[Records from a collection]

*** Block opens ***

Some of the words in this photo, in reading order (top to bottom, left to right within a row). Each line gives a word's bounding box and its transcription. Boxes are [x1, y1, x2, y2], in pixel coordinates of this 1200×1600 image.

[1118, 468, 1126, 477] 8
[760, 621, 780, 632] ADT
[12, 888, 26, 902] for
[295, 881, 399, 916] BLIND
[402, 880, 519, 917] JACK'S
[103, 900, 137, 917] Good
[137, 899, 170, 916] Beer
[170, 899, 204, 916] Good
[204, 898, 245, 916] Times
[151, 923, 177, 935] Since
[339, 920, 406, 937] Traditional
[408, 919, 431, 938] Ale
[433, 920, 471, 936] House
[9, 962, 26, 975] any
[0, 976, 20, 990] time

*** Block closes ***

### Activity
Could you transcribe all of the data exactly as it is given?

### Answer area
Some of the words in this photo, in reading order (top to bottom, left to right within a row). Each line gives a word's bounding box and its transcription. Boxes are [x1, y1, x2, y2], in pixel coordinates of this 1200×1600 image.

[1118, 468, 1126, 477] 8
[760, 621, 780, 632] ADT
[12, 888, 26, 902] for
[295, 881, 399, 916] BLIND
[402, 880, 519, 917] JACK'S
[103, 900, 137, 917] Good
[137, 899, 170, 916] Beer
[170, 899, 204, 916] Good
[204, 898, 245, 916] Times
[151, 923, 177, 935] Since
[339, 920, 406, 937] Traditional
[408, 919, 431, 938] Ale
[433, 920, 471, 936] House
[9, 962, 26, 975] any
[0, 976, 20, 990] time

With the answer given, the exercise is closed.